The most common motivation behind starting a side hustle is money. Employees are looking for an income stream beyond their salaries, especially if they only get a nominal raise every year. Extra income means more capital to pay down debt from credit cards, student loans, or large medical bills. It could mean paying off a house faster or building a down payment to buy a house in the first place. It could mean building a substantial emergency fund in case the world shuts down again.
22 million jobs were lost between February and April of 2020. By October, 2020, 2.4 million people had been unemployed for over 27 weeks, pushing them into the long-term joblessness category. With that kind of history, it’s no wonder Americans are taking job security into their own hands. These days, 1 in 3 Americans have a side hustle which supplements the income from their primary job and often monetizes a hobby or passion project.
The pandemic changed the way work is done, forcing businesses to restructure everything from customer service to cubicle space. Today, it’s all too common to hear that someone works a hybrid schedule, only swapping their athleisure for business casual one or two days a week to head into the office. It is just as common to hear that someone works fully from home. Not commuting all or most of the time means more time to pursue things outside of their main job and many workers are taking full advantage.
So how can primary employers fit into this?
Most employee handbooks will contain a “side hustle” policy that usually boils down to “don’t let it interfere with your job.” But rather than pretend like it isn’t happening (or the other extreme of immediate termination) , why not start a conversation? Engage with employees to find out their side hustle “why.” Is it a long term passion project they’ve always wanted to pursue? Is it just a way to make extra money in their down time? Is there some larger issue or concern driving the arrangement?
Taking the time to engage with the employee on their motivations behind starting a side hustle is a great show of support.

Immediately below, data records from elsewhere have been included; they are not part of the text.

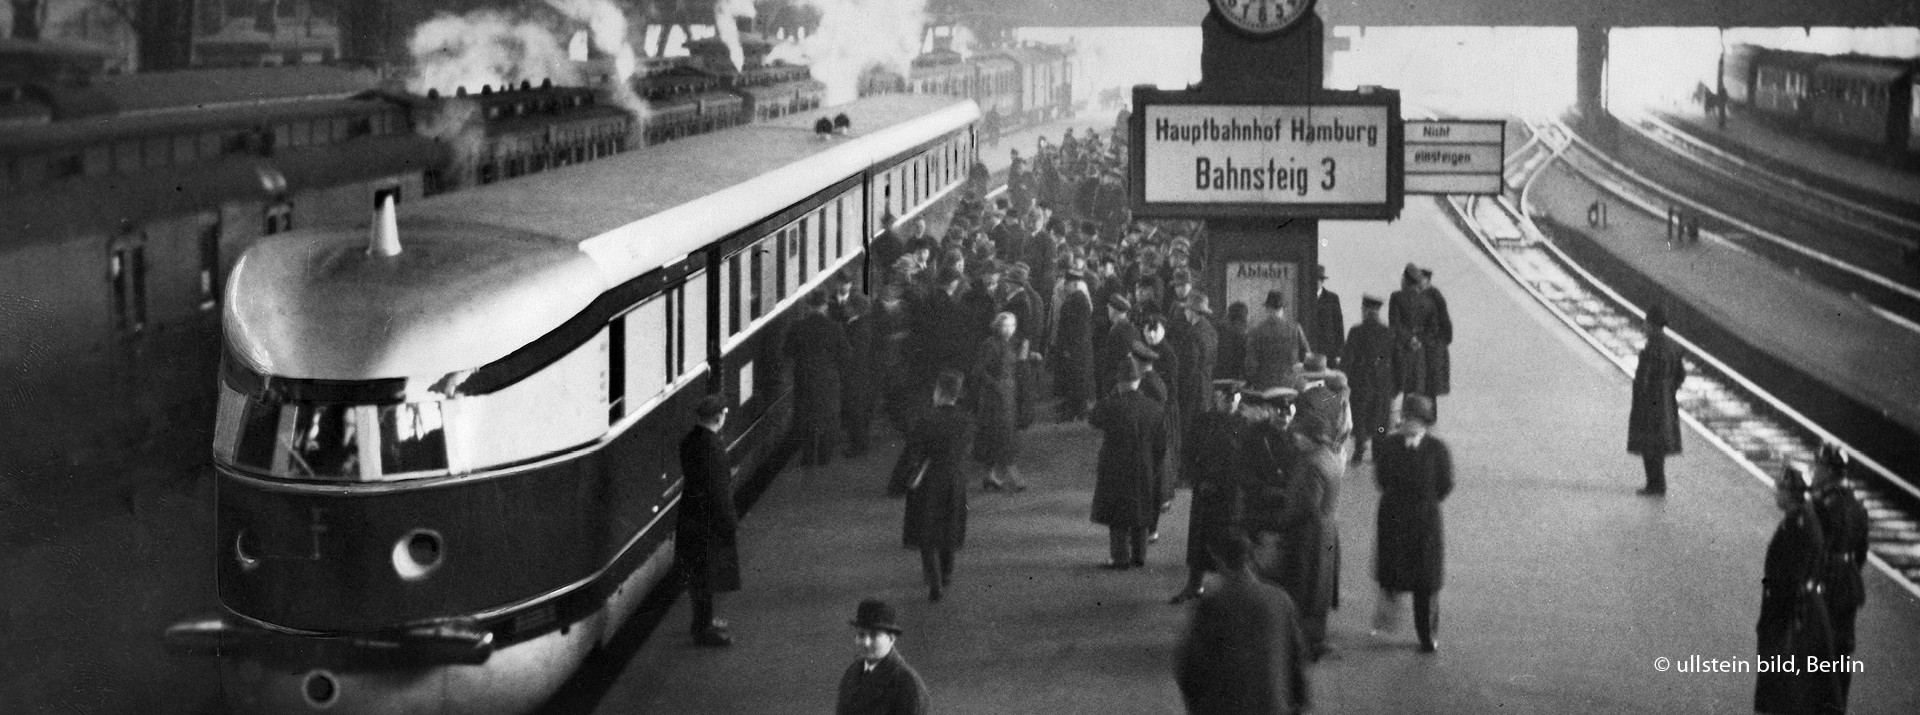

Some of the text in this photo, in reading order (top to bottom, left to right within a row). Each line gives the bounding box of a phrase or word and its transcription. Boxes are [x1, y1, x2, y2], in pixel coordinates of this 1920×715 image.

[1156, 117, 1378, 147] Hauptbahnhof Hamburg
[1423, 126, 1450, 137] Nicht
[1414, 151, 1471, 166] einsteigen
[1195, 157, 1336, 196] Bahnsteig 3
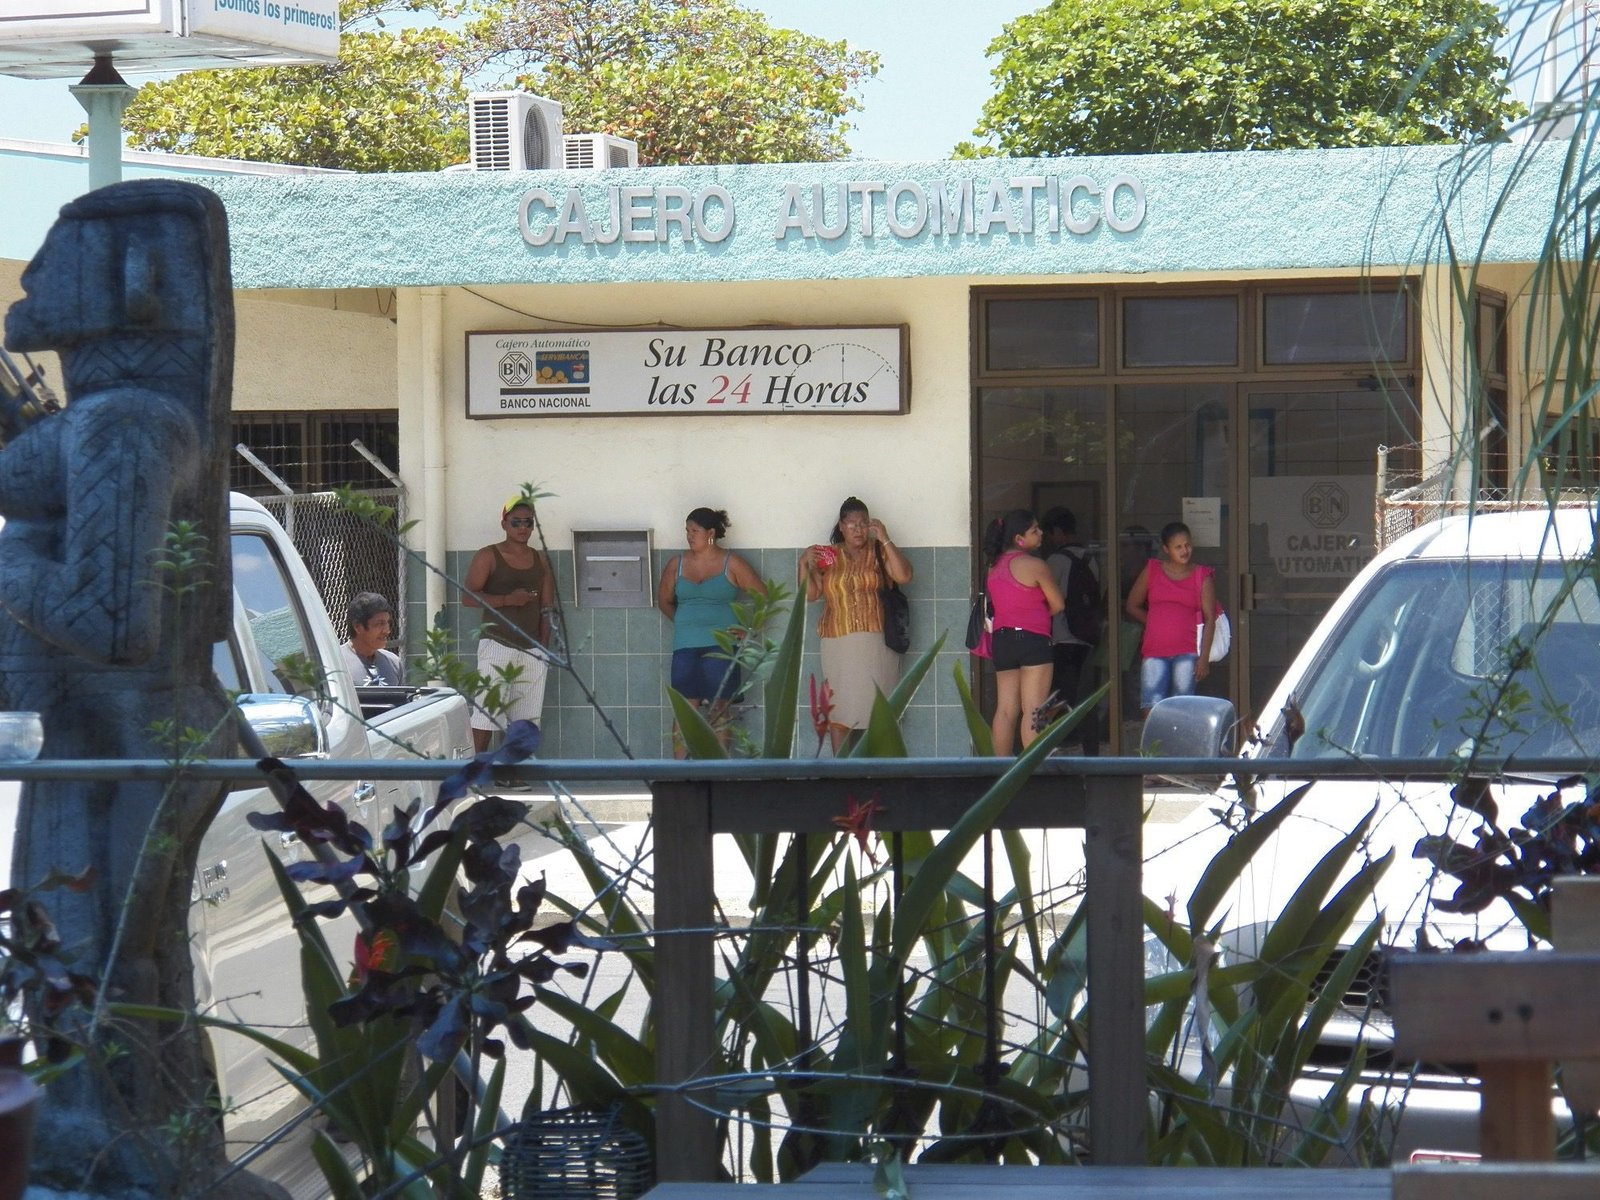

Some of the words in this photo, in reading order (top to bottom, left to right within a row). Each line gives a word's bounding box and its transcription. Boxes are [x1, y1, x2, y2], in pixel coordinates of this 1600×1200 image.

[264, 0, 281, 19] los
[284, 4, 336, 30] primeros!
[518, 184, 735, 246] CAJERO
[774, 174, 1147, 239] AUTOMATICO
[495, 339, 529, 350] Cajero
[530, 338, 591, 348] Automático
[644, 338, 687, 368] Su
[700, 337, 812, 367] Banco
[500, 398, 537, 409] BANCO
[538, 397, 591, 408] NACIONAL
[647, 375, 697, 405] las
[706, 373, 753, 404] 24
[762, 374, 870, 405] Horas
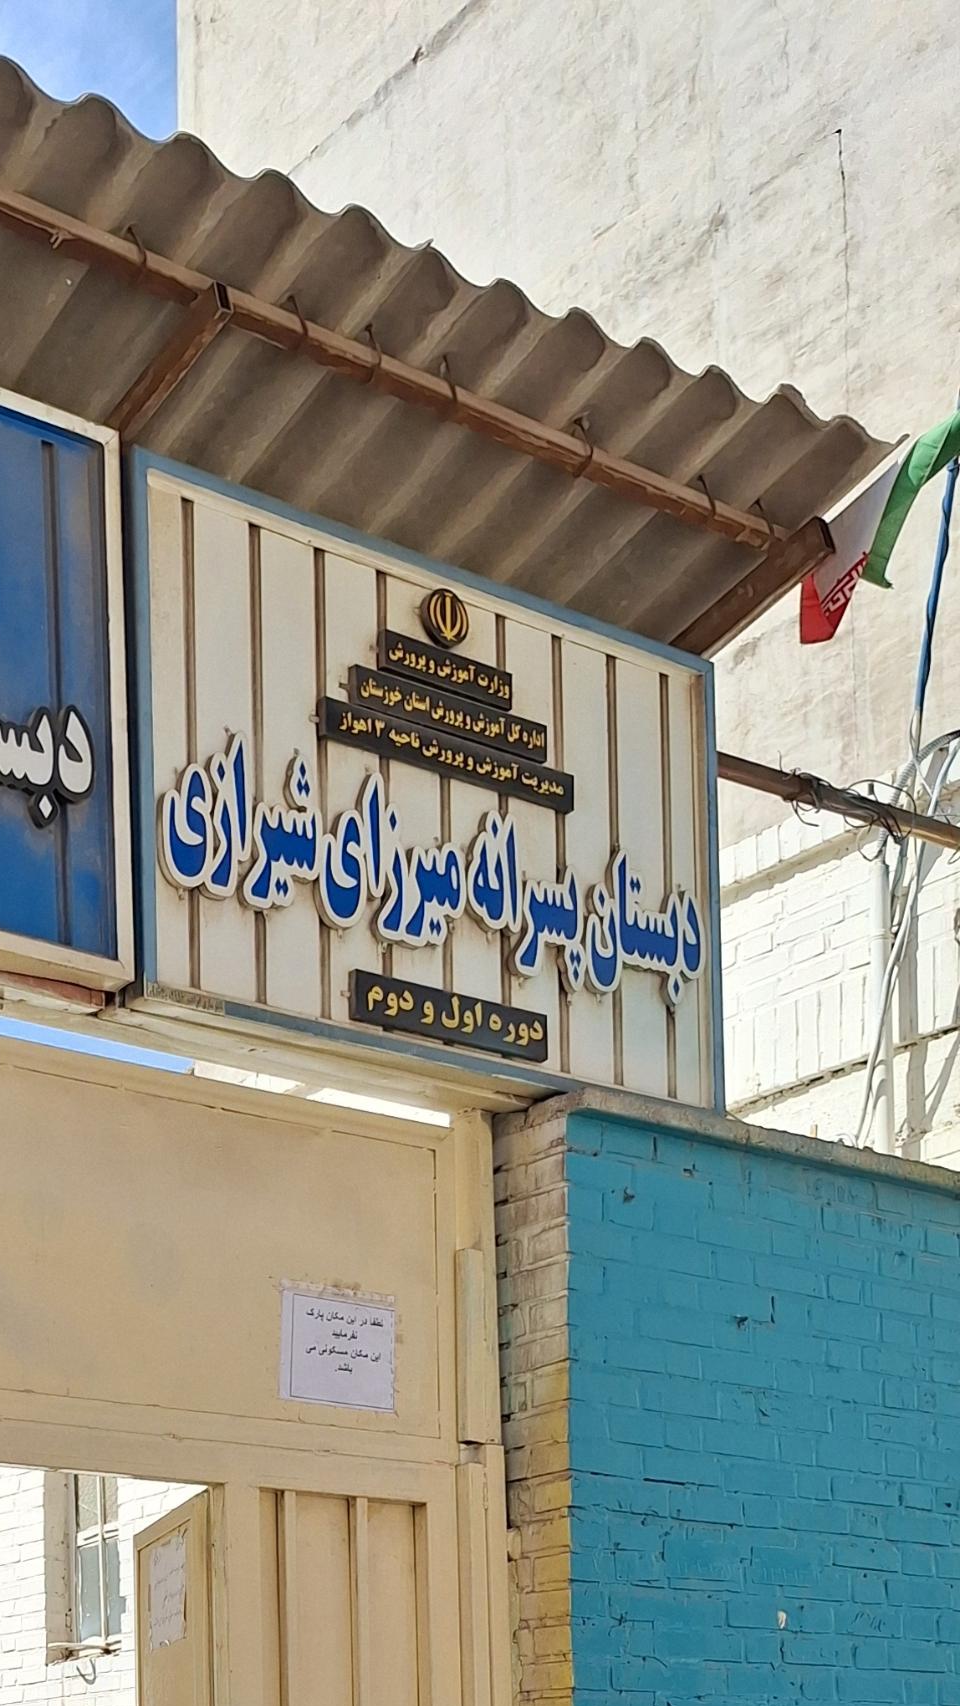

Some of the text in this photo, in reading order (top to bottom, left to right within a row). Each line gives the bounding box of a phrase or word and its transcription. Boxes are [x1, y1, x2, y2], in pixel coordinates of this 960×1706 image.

[388, 641, 511, 699] وزارت آموزش و پرورش
[360, 677, 545, 749] اداره کل آموزش و پرورش استان خوزستان
[339, 711, 564, 796] مدیریت آموزش و پرورش ناحیه ۳ اهواز
[167, 741, 702, 1001] دبستان پسرانه میرزای شیرازی
[366, 988, 545, 1048] دوره اول و دوم
[305, 1307, 325, 1322] پارک
[326, 1312, 345, 1323] مکان
[346, 1314, 357, 1325] این
[359, 1318, 368, 1327] در
[331, 1329, 358, 1341] نفرمایید
[305, 1344, 381, 1362] این مکان مسکونی می

But, it is possible for employers to do even more.
A vesting bonus from Keep could help these employees access that immediate cash, to support whatever the driver is behind their side hustle. If the motivation is finances, they could use the lump sum to address some of their money concerns. If it’s about pursuing a beloved hobby, the funds could be used for supplies or materials. Either way, the employer/employee relationship is bolstered and the employees feel valued. Employees who feel supported at their jobs are engaged employees. And higher engagement means higher productivity for the company. An added bonus – supervisors might have a new supplier for organic soap.